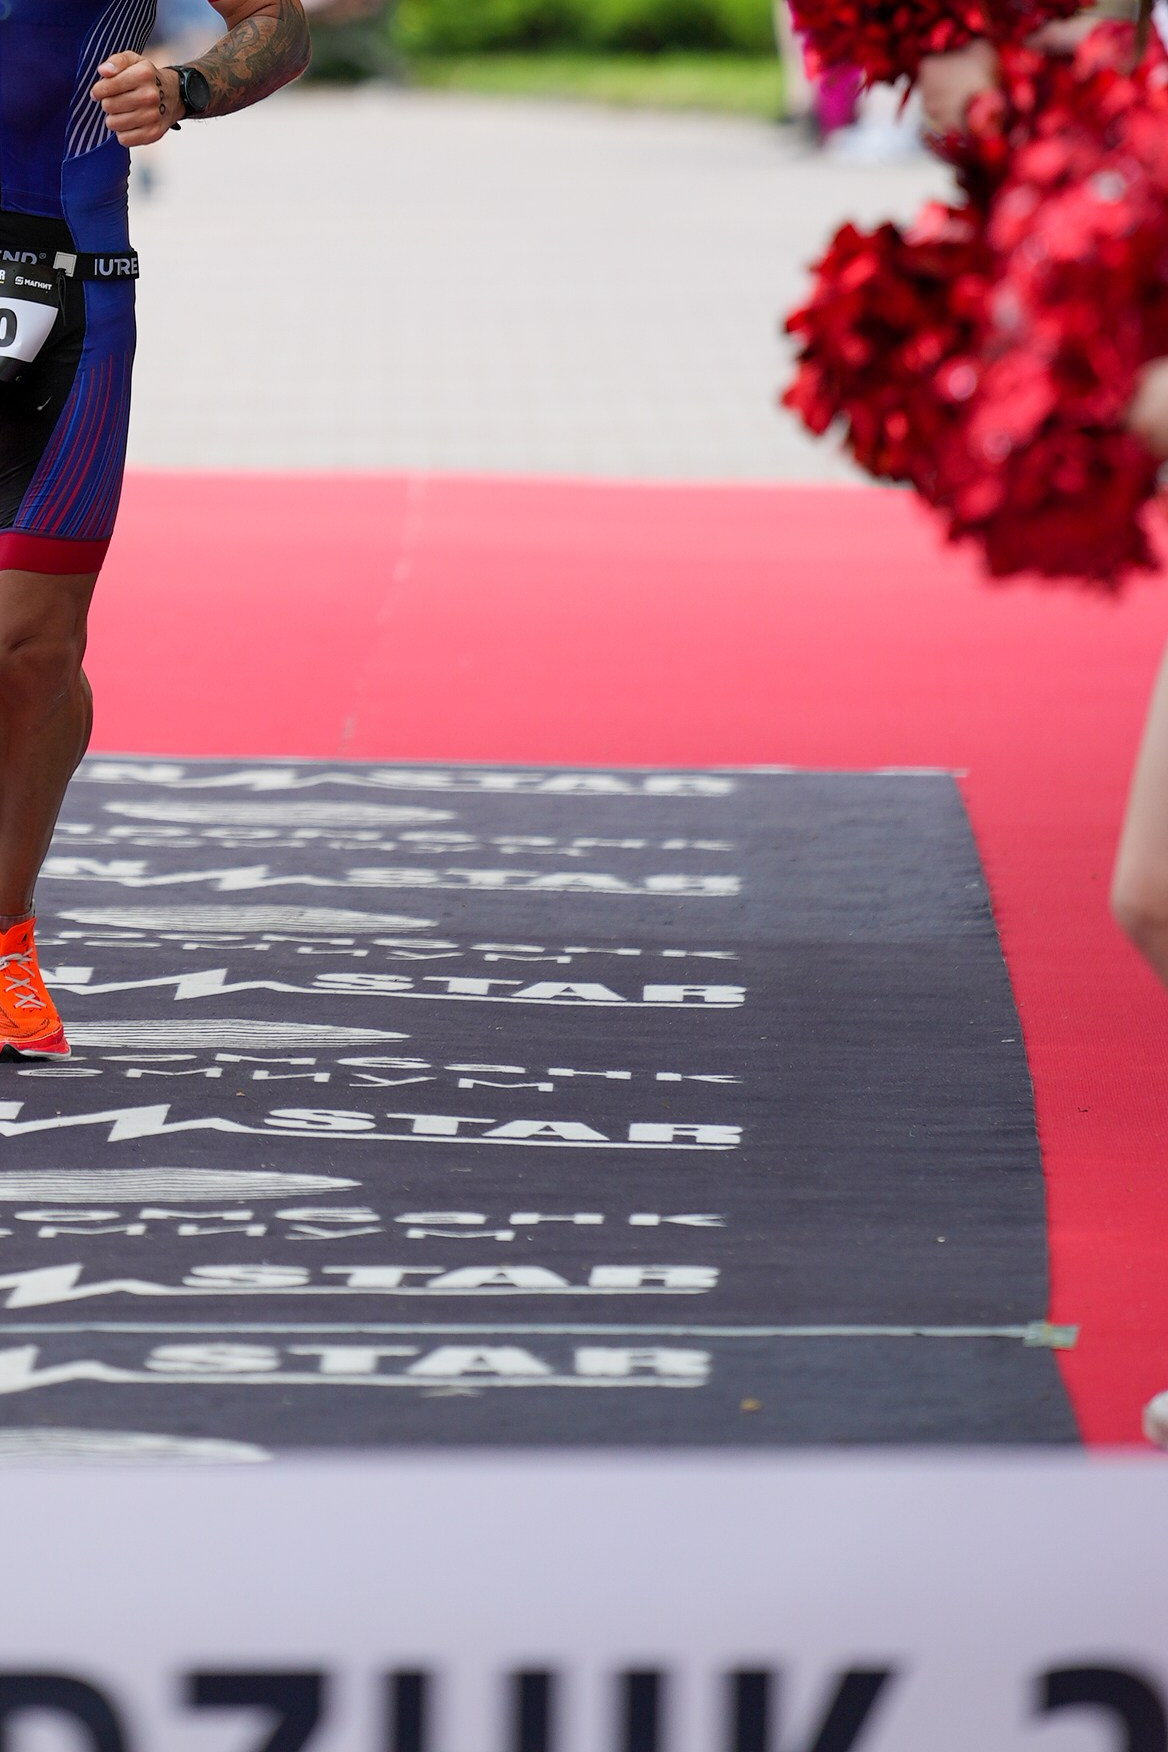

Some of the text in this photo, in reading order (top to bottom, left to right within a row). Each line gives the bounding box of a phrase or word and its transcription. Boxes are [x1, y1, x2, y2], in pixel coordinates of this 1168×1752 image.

[24, 279, 52, 291] МАГНИТ
[367, 767, 734, 793] STAR
[348, 867, 742, 893] STAR
[311, 972, 748, 1003] STAR
[262, 1108, 744, 1145] STAR
[180, 1264, 721, 1289] STAR
[144, 1341, 712, 1376] STAR
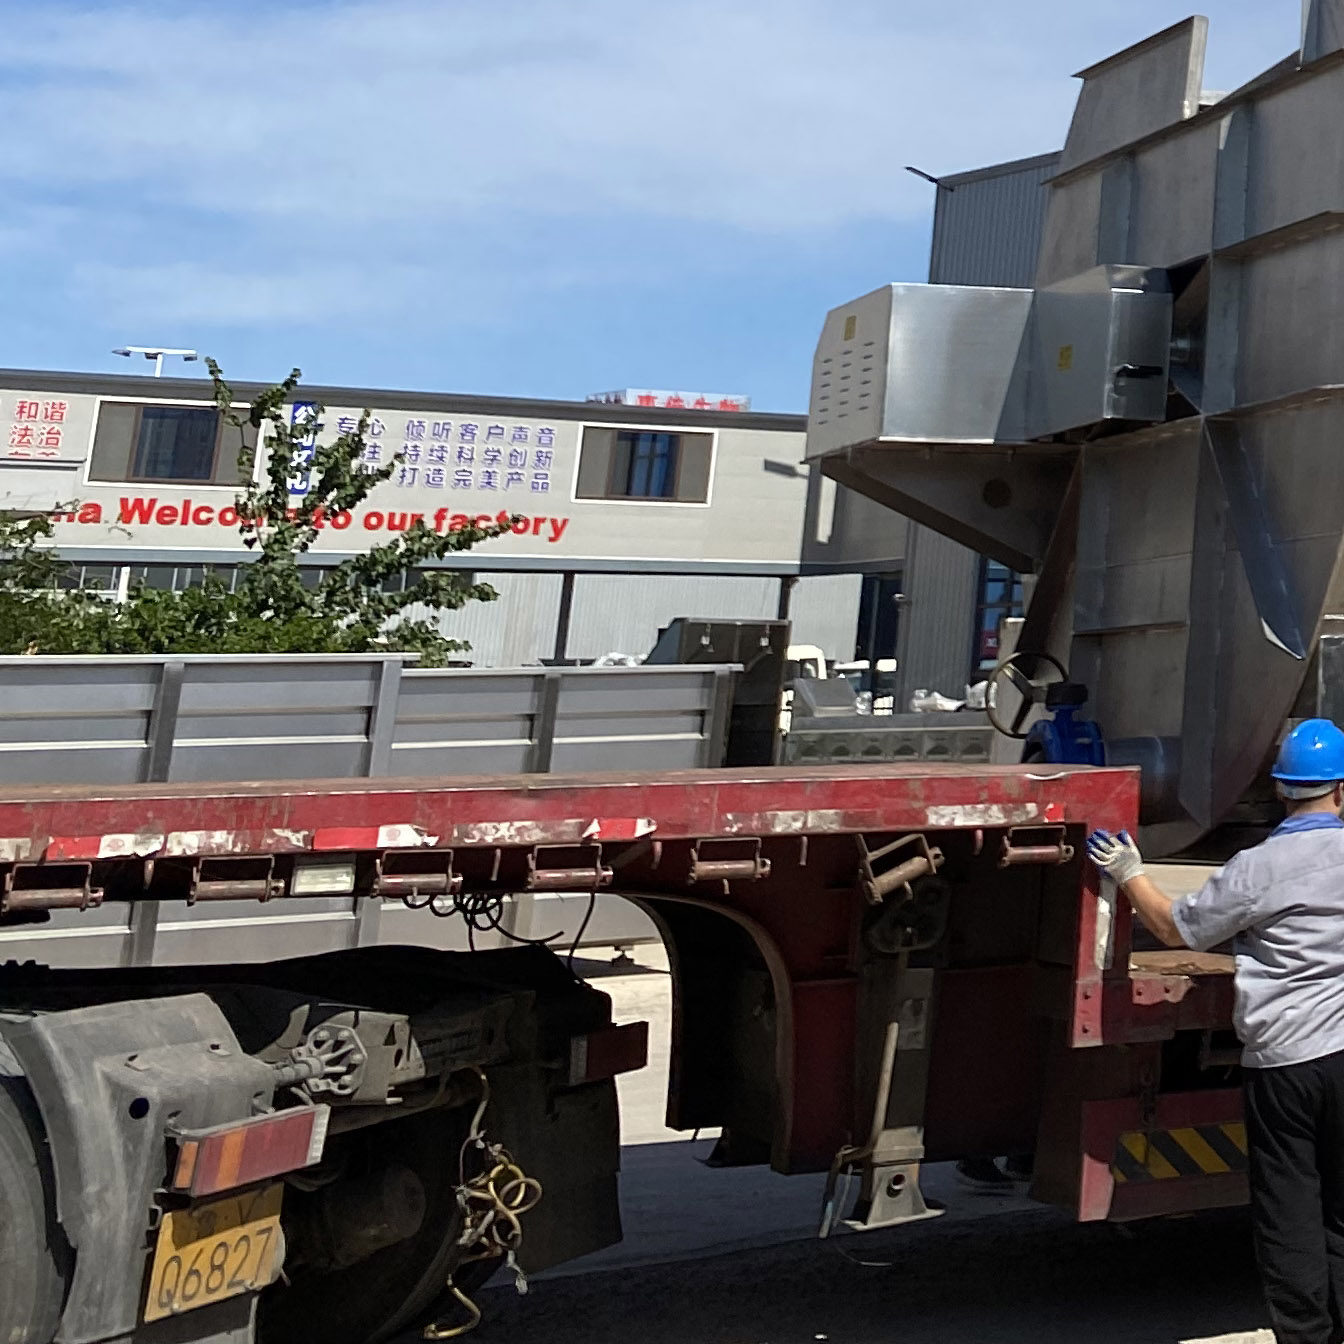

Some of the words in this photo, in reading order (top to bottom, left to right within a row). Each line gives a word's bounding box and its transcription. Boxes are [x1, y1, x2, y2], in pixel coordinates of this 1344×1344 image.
----
TASK PROMPT: Only the pictures are to be left out; restate everything else in the listing word for word.

FINISHED TASK:
Some of the text in this photo, in reading order (top to bottom, left to right within a row). Each line gives the bounding box of a phrase or word and its transcription. Boxes are [x1, y1, x2, y2], in pixel coordinates of this 1168×1752 image.

[24, 279, 52, 291] МАГНИТ
[367, 767, 734, 793] STAR
[348, 867, 742, 893] STAR
[311, 972, 748, 1003] STAR
[262, 1108, 744, 1145] STAR
[180, 1264, 721, 1289] STAR
[144, 1341, 712, 1376] STAR

Some of the words in this photo, in reading order (top to bottom, left to right within a row). Each line gives a word's bounding box and its transcription. Boxes are [x1, y1, x2, y2], in pixel coordinates of this 1344×1344 image.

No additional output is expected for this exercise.